For decades animal testing was done for one reason - because they can do it and no one cared.
This is not a right or left wing issue. This is a moral obligation. Thank you for doing what you do.
A little history tour to explain why this is not a political issue but a madness of humanity issue.
During cold car, Soviet Union killed 180,000 whales for no reason since:
the Soviet Union had little real demand for whale products. Once the blubber was cut away for conversion into oil, the rest of the animal, as often as not, was left in the sea to rot or was thrown into a furnace and reduced to bone meal—a low-value material used for agricultural fertilizer, made from the few animal byproducts that slaughterhouses and fish canneries can’t put to more profitable use….Why did a country with so little use for whales kill so many of them?
The reason they killed so many whales was because... well "they can" and no one questioned.
The Soviet whalers, Berzin wrote, had been sent forth to kill whales for little reason other than to say they had killed them. They were motivated by an obligation to satisfy obscure line items in the five-year plans that drove the Soviet economy, which had been set with little regard for the Soviet Union’s actual demand for whale products. “Whalers knew that no matter what, the plan must be met!” Berzin wrote. The Sovetskaya Rossiya seemed to contain in microcosm everything Berzin believed to be wrong about the Soviet system: its irrationality, its brutality, its inclination toward crime.

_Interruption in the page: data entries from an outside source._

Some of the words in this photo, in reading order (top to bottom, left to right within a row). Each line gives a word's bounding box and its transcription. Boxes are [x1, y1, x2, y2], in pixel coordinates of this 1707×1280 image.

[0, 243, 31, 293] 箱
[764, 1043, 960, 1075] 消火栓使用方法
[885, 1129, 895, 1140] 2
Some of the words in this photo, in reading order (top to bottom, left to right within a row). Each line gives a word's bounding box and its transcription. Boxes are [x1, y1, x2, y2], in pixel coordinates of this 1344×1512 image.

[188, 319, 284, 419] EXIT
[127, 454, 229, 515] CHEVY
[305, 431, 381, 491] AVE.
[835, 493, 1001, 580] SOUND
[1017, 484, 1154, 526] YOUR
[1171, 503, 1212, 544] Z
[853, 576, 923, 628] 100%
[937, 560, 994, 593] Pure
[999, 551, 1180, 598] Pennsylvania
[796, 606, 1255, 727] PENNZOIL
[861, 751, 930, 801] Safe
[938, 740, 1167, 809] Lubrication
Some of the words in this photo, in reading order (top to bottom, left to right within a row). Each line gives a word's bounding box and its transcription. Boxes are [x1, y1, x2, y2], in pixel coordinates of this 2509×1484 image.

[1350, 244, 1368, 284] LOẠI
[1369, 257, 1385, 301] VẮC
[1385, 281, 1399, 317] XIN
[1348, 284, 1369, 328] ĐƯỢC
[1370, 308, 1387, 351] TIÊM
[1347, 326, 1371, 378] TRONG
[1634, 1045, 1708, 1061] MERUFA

Along the similar craziness of Soviet Union, USA is still doing animal testing using dogs, cats, monkeys, bunnies and other mammals for the same reason - because "they can" and no one questions them.
Since the FDCA was passed 83 years ago, research has shown animal testing to be an inconsistent indicator of drug toxicity and, in many cases, alternative methods are equally or more reliable. Yet, because of the 1938 mandate, hundreds of animals must be killed for a pharmaceutical company to bring a single drug to market. Last year, Senator Paul held a “Puppy Press Conference,” making the case for the reform.
Moral degradation happens agnostic to politics and geography unleashing immense pain and suffering on animals.
We have an obligation to change this.